Puertas abiertas
Hace unos días, en homenaje a la Constitución democrática española de 1978, y en su nombre, al pueblo soberano, se desarrollaron en el Parlamento unas jornadas especiales que ya se han convertido en tradición y que consisten en la celebración de sesiones de puertas abiertas en el edificio de las Cortes. Es decir, durante un par de días previos al 6 de diciembre, Día de la Constitución, cualquier ciudadano debidamente documentado y disciplinadamente ordenado en fila puede acceder a las dependencias parlamentarias. Una vez dentro, se le brinda al visitante un recorrido guiado, al mejor estilo turístico, con tintes apasionantes. Yo no he entrado al templo del consenso, pero me imagino al guía señalando con mucha profesionalidad: "Ahí arriba rebotó la bala que no le dio a nadie de puro milagro... allí es donde a veces le dan ataques de risa nerviosa al señor presidente... desde allá es desde donde la diputada grita lo de marrano..."; y me imagino también las sonrisillas complacientes de los demócratas guiados, los rictus medianamente condenatorios o políticamente correctos de esos votantes. Al final, según me ha dicho Paco, que es el conserje de mi oficina e hizo el recorrido, te invitan a un café y te regalan un ejemplar de la Constitución y un plumier (¿?).Las colas para entrar al Congreso de los Diputados, que tuve ocasión de contemplar a lo largo de esos días, me dejaron primero sorprendida (o "estupefacta" por aliteración, pues hacía un frío que pelaba y yo me imaginaba "tumefactos" a todos esos demócratas que esperaban horas a la intemperie hasta que llegara su turno) y después me dieron mucho que pensar. Estuve espiando disimuladamente, pues no dejaba de preguntarme qué tipo de persona es capaz hoy en día y en pleno invierno de semejante sacrificio por la patria. En este sentido, y en vista del personal, no obtuve buenos resultados en lo que a tal impulso altruista se refiere, por lo que deduje que se trataría más bien de una manera anual de pasar el rato (en el caso del alto porcentaje de jubilados que pude apreciar), de un trabajo obligatorio para el colegio (en lo que al número de adolescentes bakaladeras se refiere), de un gesto egocentrista ("yo también estuve allí", parecía anticipar mucho gesto adusto de falsa indiferencia de clase media) o de una compulsión indiscriminada (¿la posibilidad del plumier gratuito?).
En realidad, lo que más llamaba mi atención era el hecho de que toda esa gente se había acercado al Congreso no para asistir a una sesión parlamentaria y poder ejercer su derecho a ser testigos de la actuación laboral de sus asalariados, los señores diputados, sino simplemente para poder pisar por donde ellos pisan y hasta, con un poco de suerte, sentar sus reales donde los sienta habitualmente, por ejemplo, José María Aznar.

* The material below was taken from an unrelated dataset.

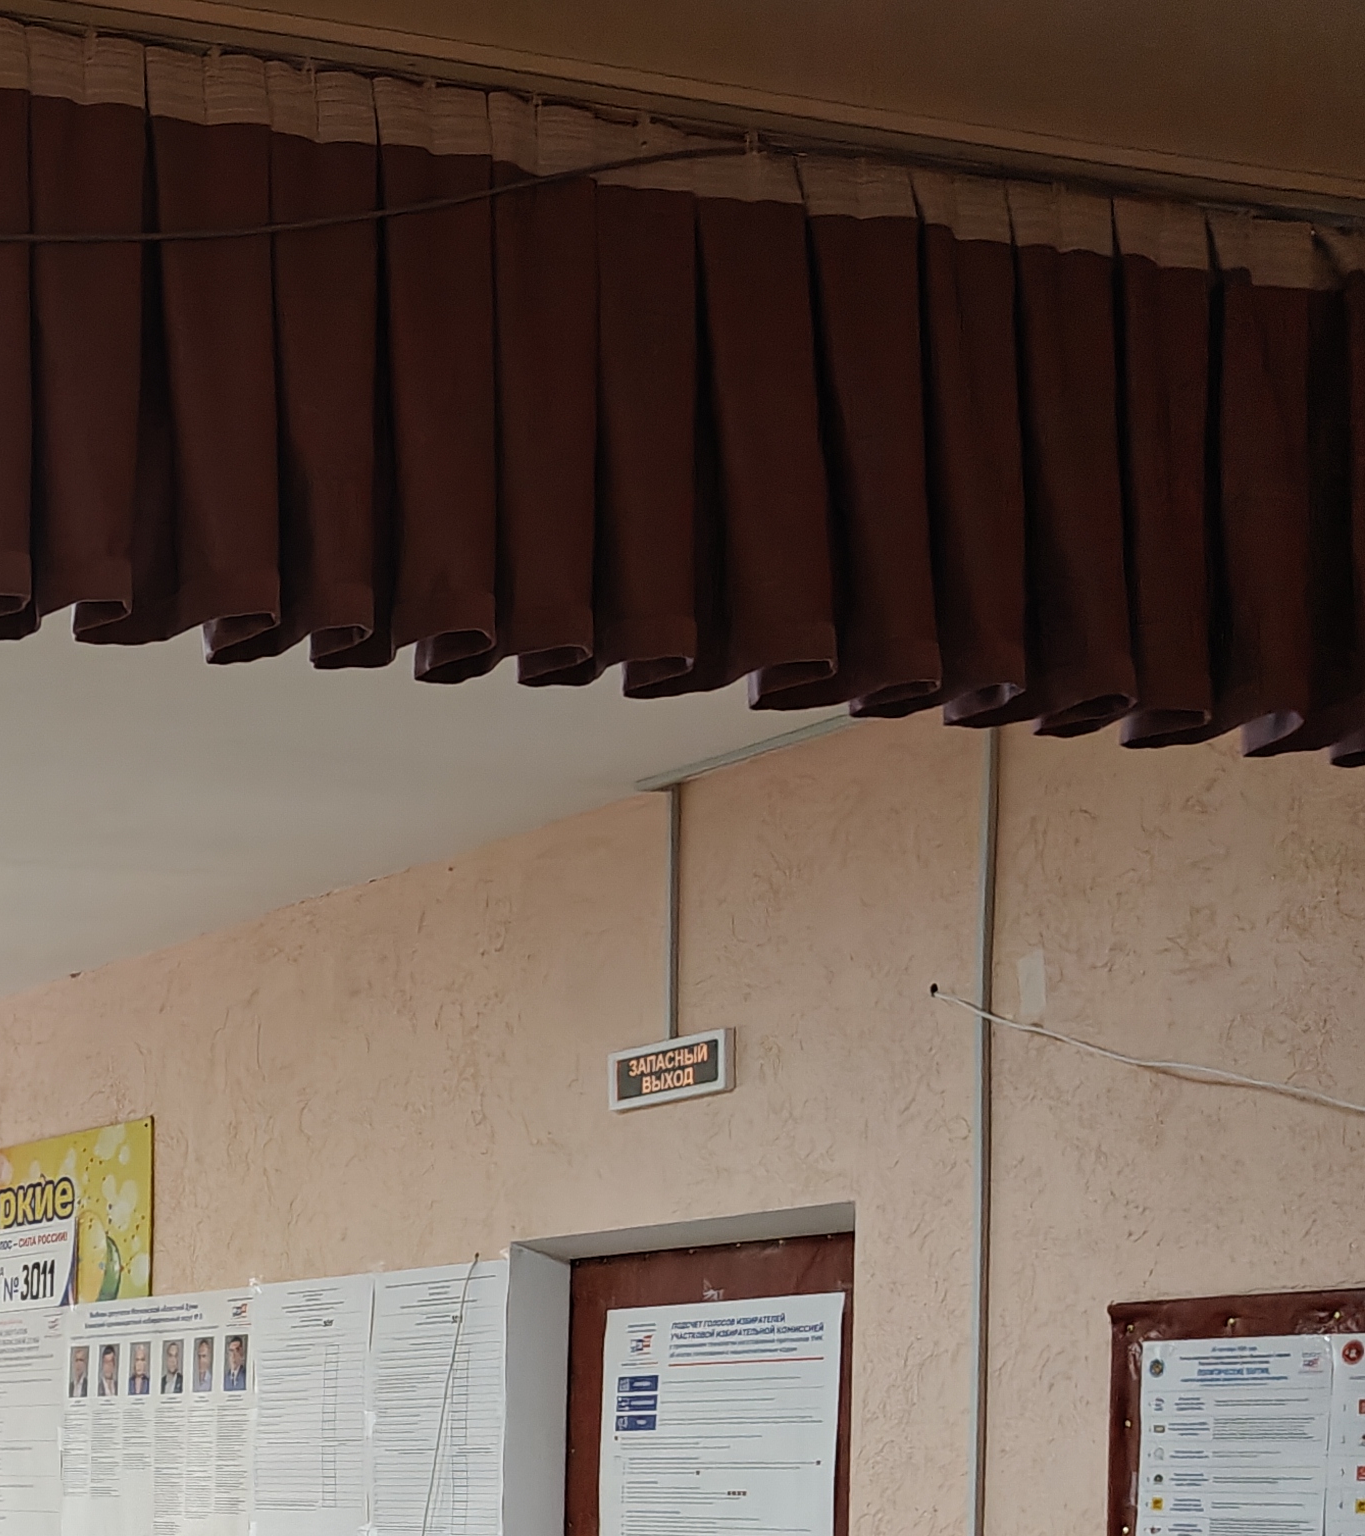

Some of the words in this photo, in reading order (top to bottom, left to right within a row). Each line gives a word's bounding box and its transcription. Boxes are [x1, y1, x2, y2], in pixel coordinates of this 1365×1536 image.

Y, llegada a este punto, se me dispara al aire la cabeza como a Tejero la pistola, pues no puedo más que colegir de semejante deseo una pulsión anal que, dados su virtual objeto y las tan poco propicias circunstancias, no tengo prejuicio en tachar de pervertida y fatal. Que ya son ganas, vaya.
Pero nos hemos quedado pegados al escaño (y me reprimo para no seguir por la vía de la catáfora) cuando yo a lo que iba era a la cuestión de la representación. O sea, que todos esos ciudadanos de a pie (porque lo de la pulsión de asiento es sólo un momentito y es algo excepcional) no esperaban en realidad para ver a sus representantes por las urnas, sino simplemente la representación de los mismos, ya que justo ese día los representantes no aparecen por el espacio que les representa. A mí tanta representación me parece un exceso de platonismo.
Aquellas colas en cuestión (las colas para penetrar al hemiciclo) daban la vuelta a la calle de Zorrilla, recorrían la calle de Fernanflor, bajaban por la carrera de San Jerónimo y llegaban hasta el paseo del Prado, lo que demuestra que la pulsión es masiva, para qué nos vamos a engañar, aunque la entrada sea por detrás. Porque las puertas abiertas eran las de atrás, por las que entran al edificio los trabajadores de la institución, incluidos los señores diputados. O sea, las puertas de servicio. Con lo que hubieran dado los de la cola por sentirse reinas por un día y ascender con solemnidad la escalinata de los leones. Reinas por un día.